To diagnose Churg-Strauss syndrome, doctors usually request several types of tests, including:

  • Blood tests. A blood test can detect certain antibodies in your blood that can suggest, but not confirm, a diagnosis of Churg-Strauss syndrome. It can also measure the level of eosinophils, although other diseases, including asthma, can increase the number of these cells.
  • Imaging tests. X-rays and CT scans can reveal abnormalities in your lungs and sinuses. If you develop signs of heart failure, your doctor may also suggest regular echocardiograms.
  • Biopsy of affected tissue. If other tests suggest Churg-Strauss syndrome, you might have a small sample of tissue removed for examination under a microscope. The tissue can come from your lungs or another organ, such as skin or muscle, to confirm or rule out the presence of vasculitis.

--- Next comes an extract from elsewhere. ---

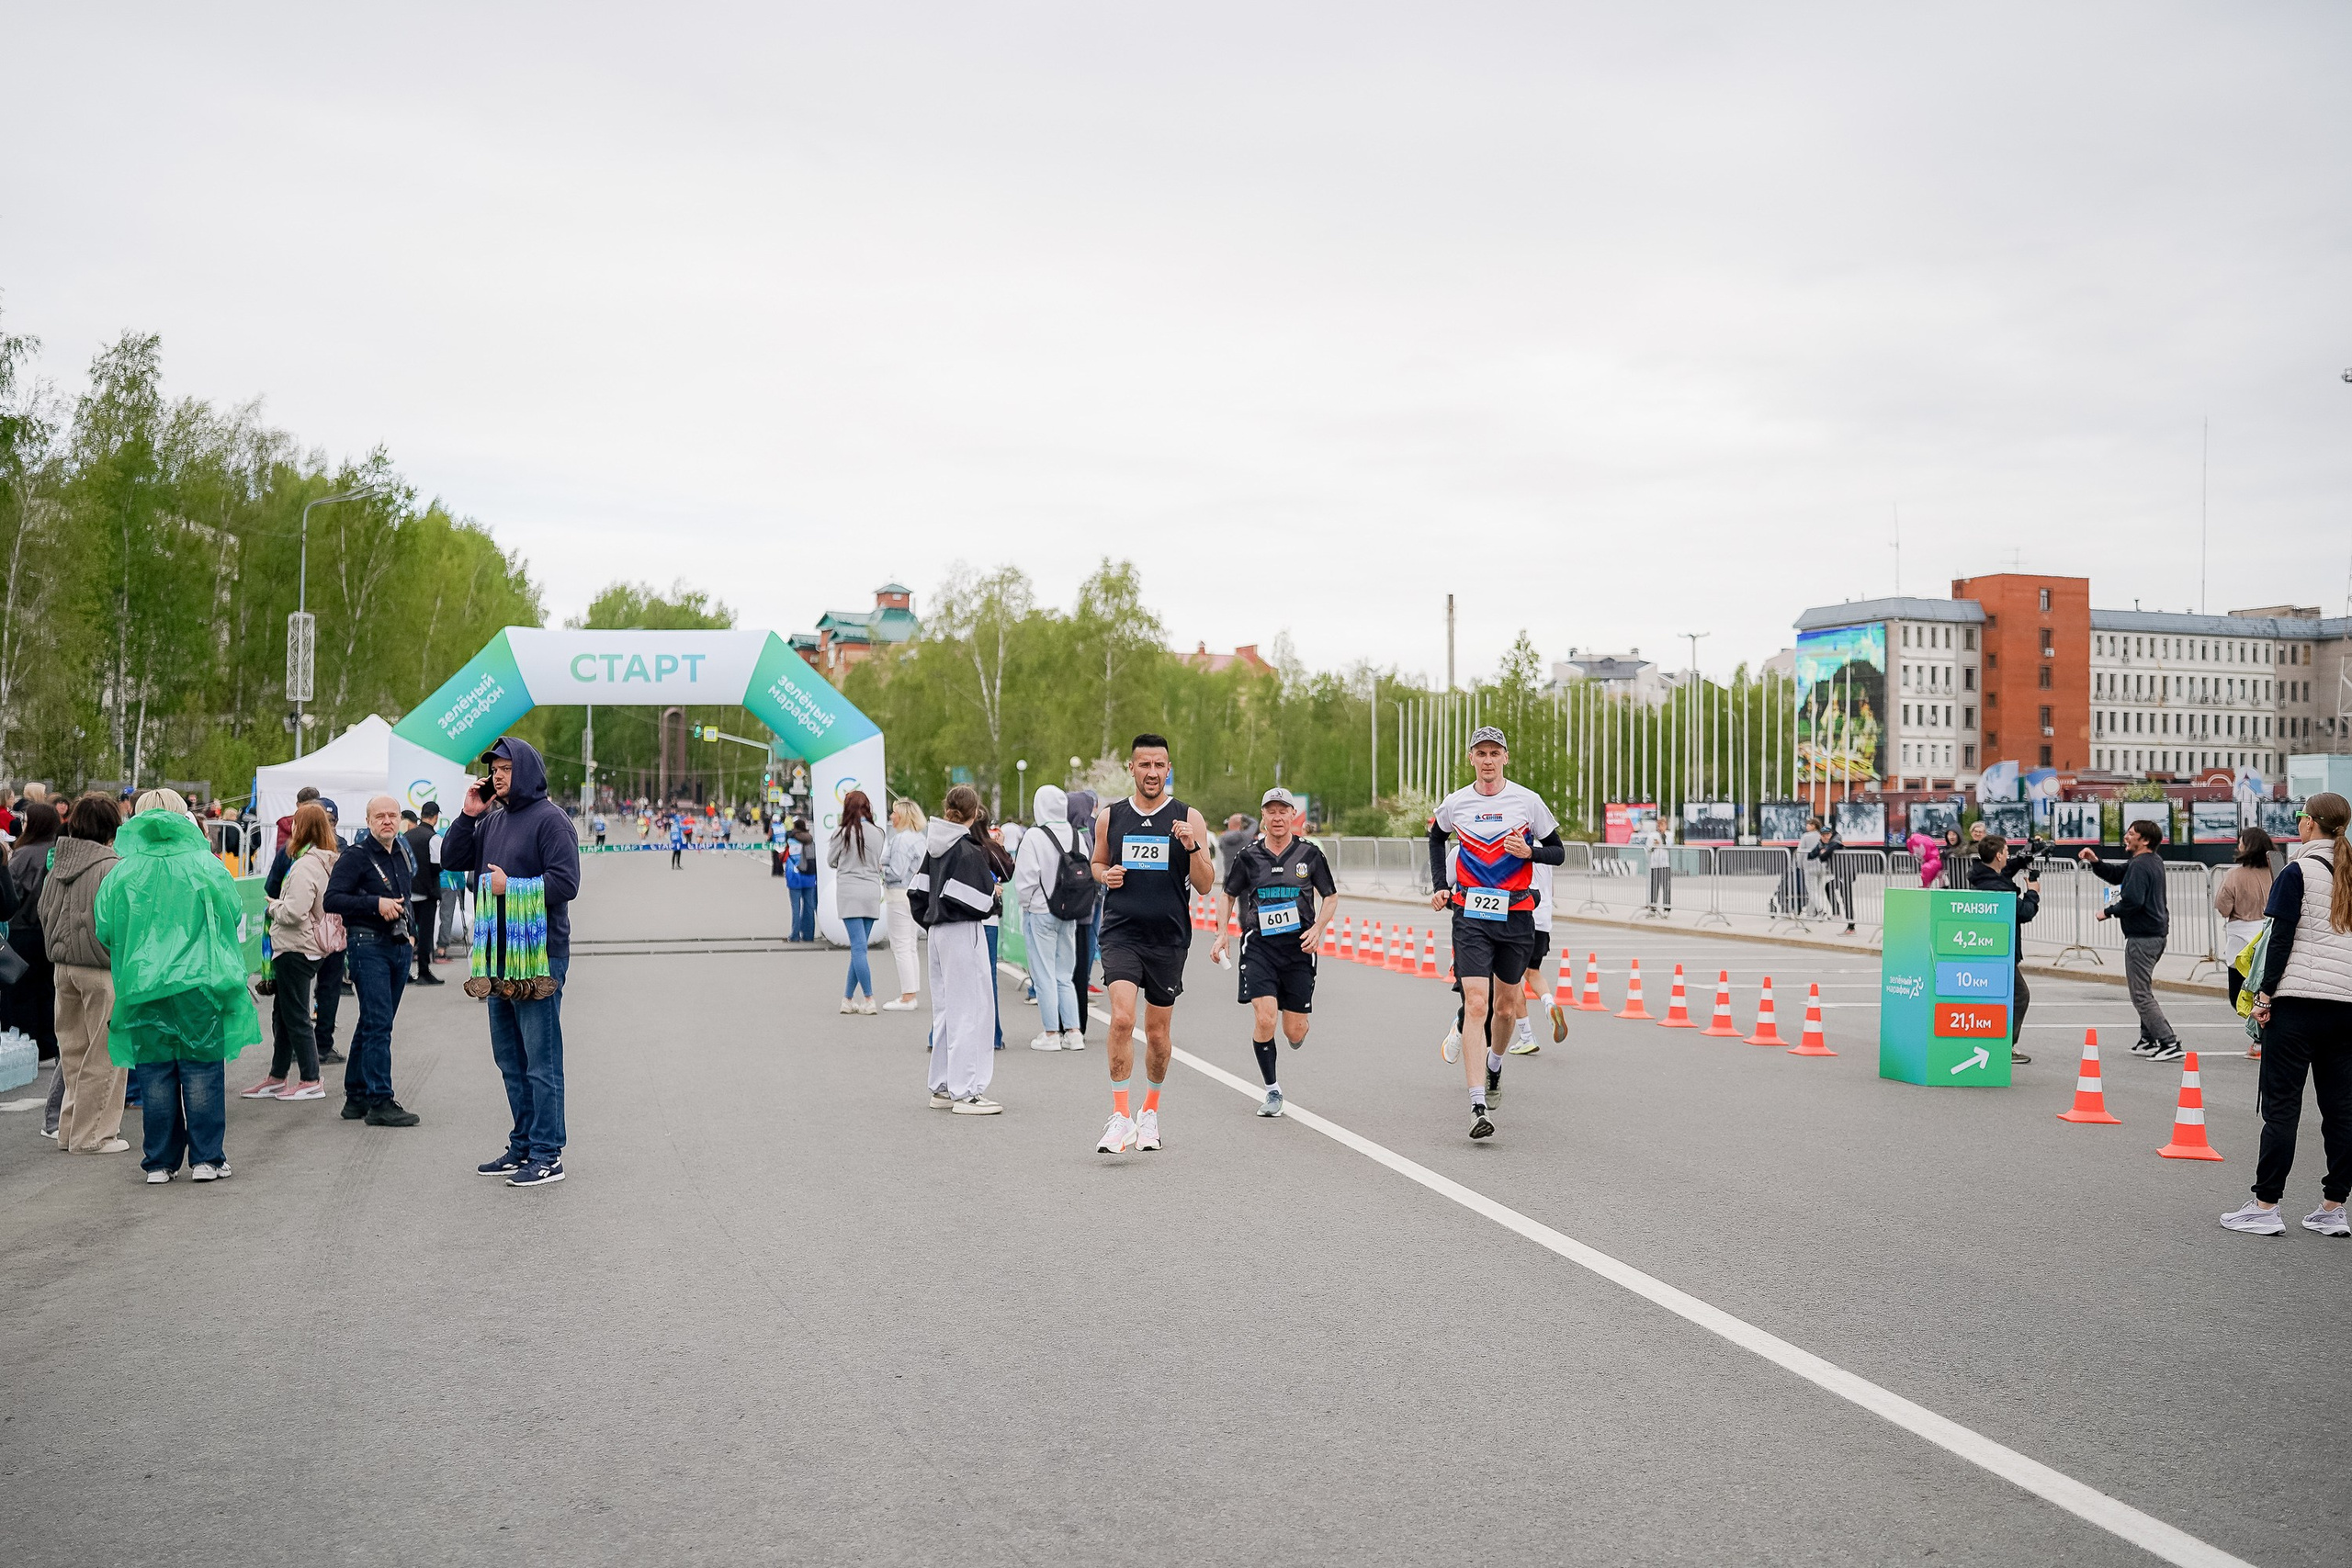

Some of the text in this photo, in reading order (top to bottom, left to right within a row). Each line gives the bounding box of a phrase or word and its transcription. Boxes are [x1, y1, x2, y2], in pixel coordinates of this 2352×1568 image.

There's no cure for Churg-Strauss syndrome, also known as eosinophilic granulomatosis with polyangiitis (EGPA). But medications can help manage your symptoms.

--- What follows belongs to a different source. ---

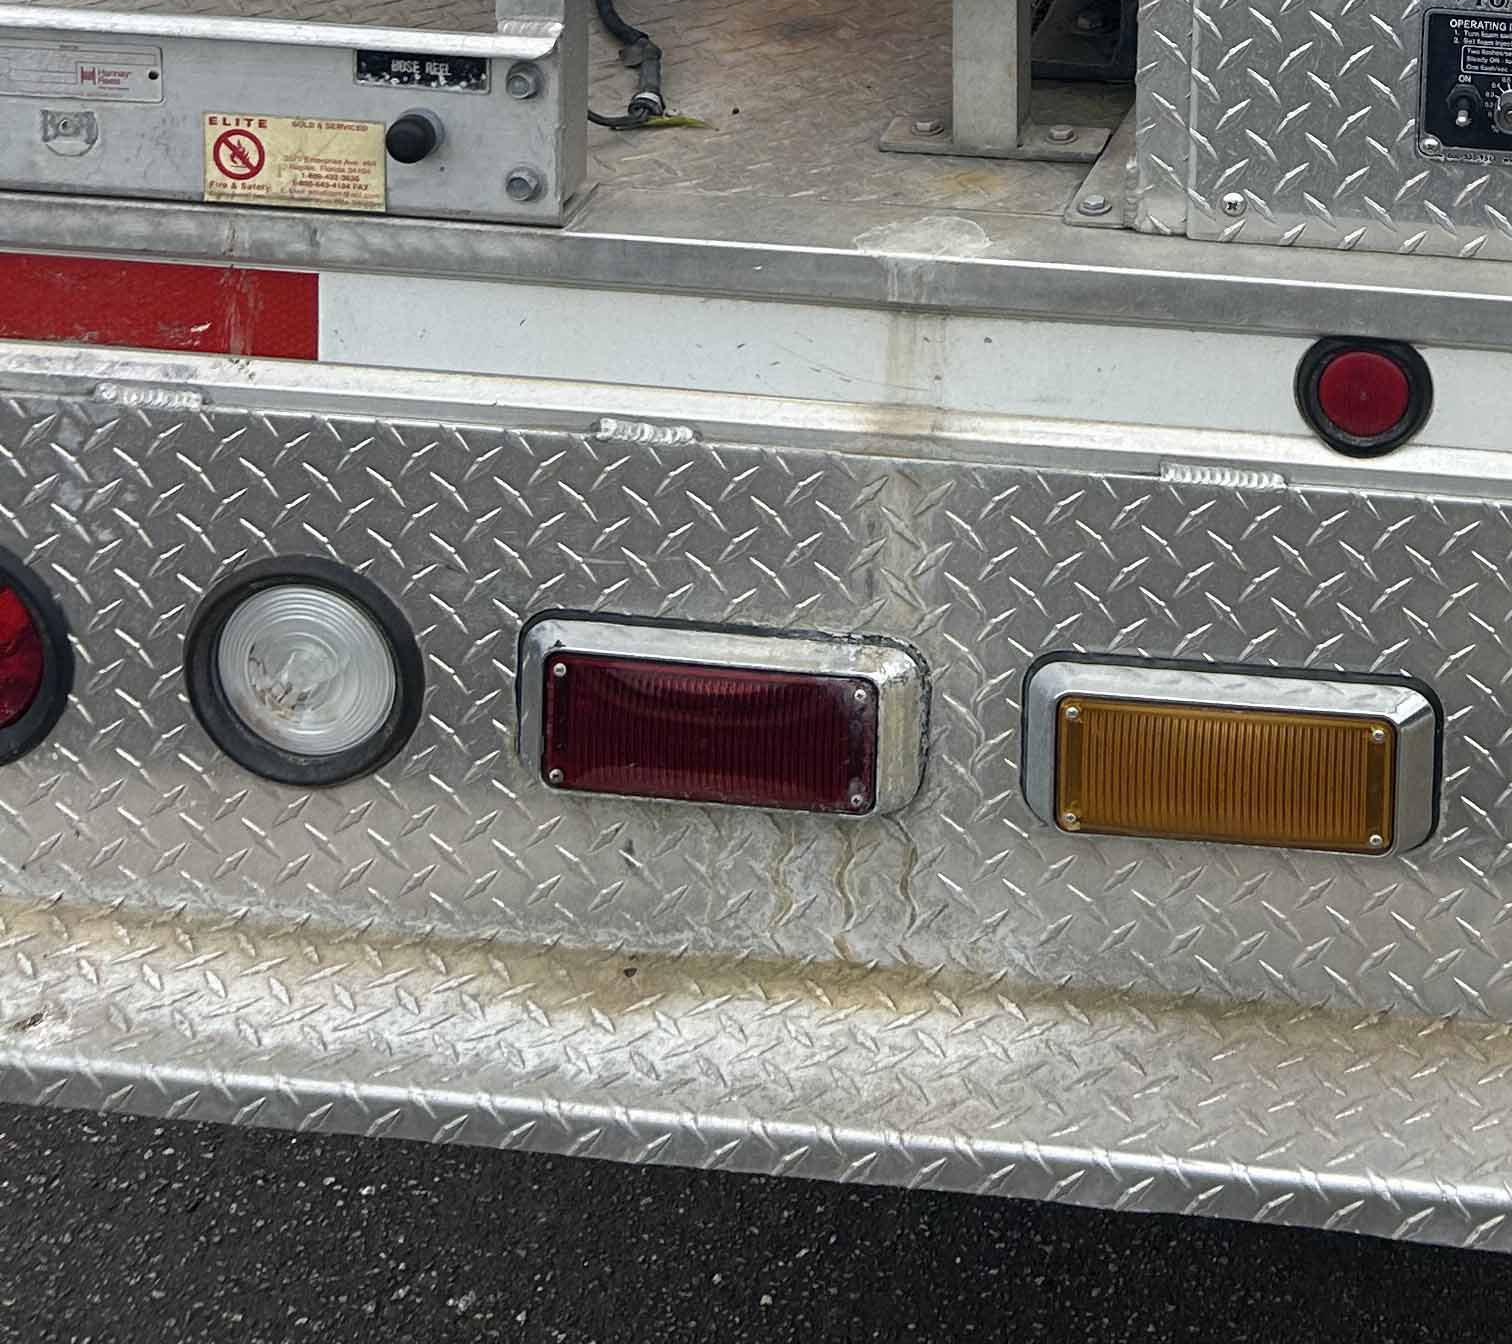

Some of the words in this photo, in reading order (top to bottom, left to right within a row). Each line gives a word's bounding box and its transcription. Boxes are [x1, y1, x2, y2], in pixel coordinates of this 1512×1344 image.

Prednisone, which reduces inflammation, is the most commonly prescribed drug for Churg-Strauss syndrome. Your doctor might prescribe a high dose of corticosteroids or a boost in your current dose of corticosteroids to get your symptoms under control quickly.

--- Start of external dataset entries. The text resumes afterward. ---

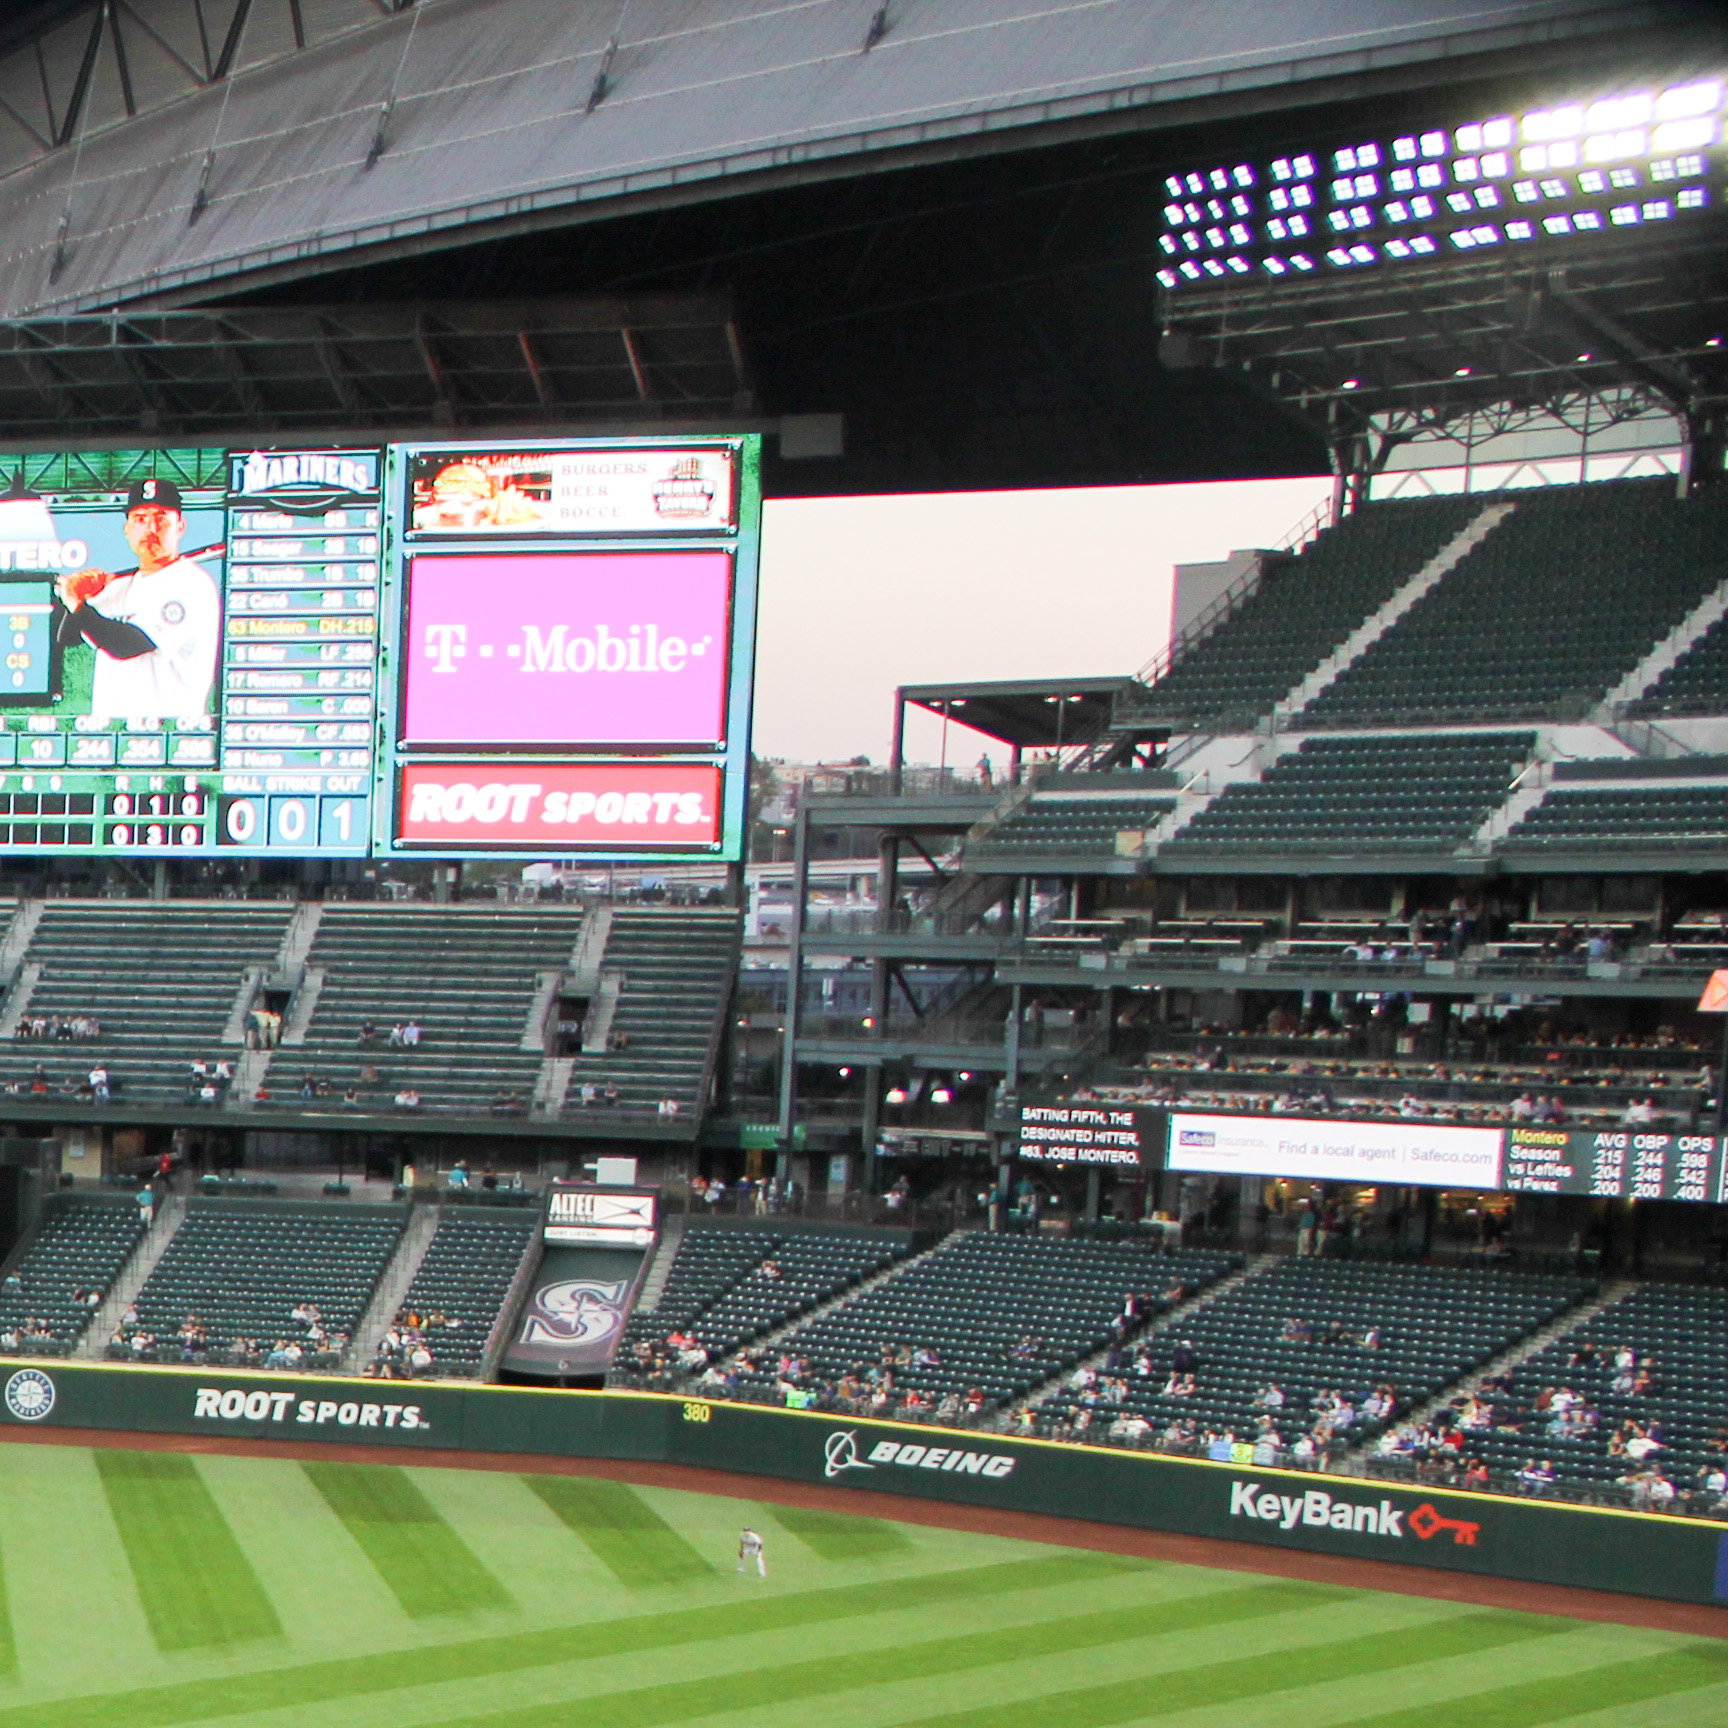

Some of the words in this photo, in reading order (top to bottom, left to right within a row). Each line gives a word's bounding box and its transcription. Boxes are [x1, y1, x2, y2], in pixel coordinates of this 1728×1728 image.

[239, 451, 369, 496] MARINERS
[6, 652, 30, 668] CS
[30, 739, 52, 757] 10
[223, 776, 262, 792] BALL
[266, 776, 323, 792] STRIKE
[327, 775, 362, 791] OUT
[409, 783, 542, 823] ROOT
[226, 799, 256, 842] 0
[278, 799, 306, 842] 0
[331, 799, 353, 841] 1
[1021, 1107, 1069, 1123] BATTING
[1109, 1111, 1134, 1126] THE
[1021, 1126, 1093, 1143] DESIGNATED
[1511, 1129, 1569, 1145] Montero
[1593, 1133, 1628, 1148] AVG
[1633, 1134, 1669, 1150] OBP
[1678, 1136, 1714, 1152] OPS
[1279, 1140, 1308, 1155] Find
[1322, 1142, 1355, 1158] local
[1358, 1145, 1395, 1162] agent
[1411, 1147, 1493, 1165] Safeco.com
[1510, 1145, 1561, 1162] Season
[1592, 1150, 1624, 1164] .215
[1632, 1151, 1664, 1166] .244
[1509, 1163, 1524, 1174] vs
[1527, 1162, 1573, 1178] Lefties
[1591, 1165, 1623, 1180] .204
[1589, 1181, 1621, 1196] .200
[1629, 1182, 1661, 1198] .200
[1673, 1185, 1706, 1200] .400
[194, 1388, 296, 1422] ROOT
[683, 1403, 710, 1423] 380
[869, 1441, 1015, 1479] BOEING
[1231, 1480, 1404, 1539] KeyBank

High doses of corticosteroids can cause serious side effects, so your doctor will decrease the dose gradually until you're taking the smallest amount that will keep your disease under control. Even lower doses taken for extended periods can cause side effects.

Side effects of corticosteroids include bone loss, high blood sugar, weight gain, cataracts and hard-to-treat infections.

Other immunosuppressive drugs

For people with mild symptoms, a corticosteroid alone may be enough. Other people may need to add another drug to help suppress their immune systems.

Mepolizumab (Nucala) is currently the only drug approved by the U.S. Food and Drug Administration for treatment of Churg-Strauss syndrome. However, depending on the severity of disease and the organs involved, other medications may be required. Examples include:

  • Azathioprine (Azasan, Imuran)
  • Benralizumab (Fasenra)
  • Cyclophosphamide
  • Methotrexate (Trexall)
  • Rituximab (Rituxan)

Because these drugs impair your body's ability to fight infection and can cause other serious side effects, your condition will be closely monitored while you're taking them.

Clinical trials

Explore Mayo Clinic studies testing new treatments, interventions and tests as a means to prevent, detect, treat or manage this condition.

Self care

Long-term treatment with corticosteroids can cause a number of side effects. You can minimize these problems by taking the following steps:

  • Protect your bones. Ask your doctor how much vitamin D and calcium you need in your diet, and discuss whether you should take supplements.
  • Exercise. Exercise can help you maintain a healthy weight, which is important when you're taking corticosteroid medications that can cause weight gain. Strength training and weight-bearing exercises such as walking and jogging also help improve bone health.
  • Eat a healthy diet. Steroids can cause high blood sugar levels and, eventually, type 2 diabetes. Eat foods that help keep blood sugar stable, such as fruits, vegetables and whole grains.

Coping and support

Here are some suggestions for coping with Churg-Strauss syndrome:

  • Educate yourself. Knowing about the disease can help prepare you to deal with complications or recurrences.
  • Build a support system. Family and friends can help tremendously. You might also want to talk to a counselor or medical social worker who's familiar with the disease. Or you may find it helpful to talk to other people with Churg-Strauss syndrome.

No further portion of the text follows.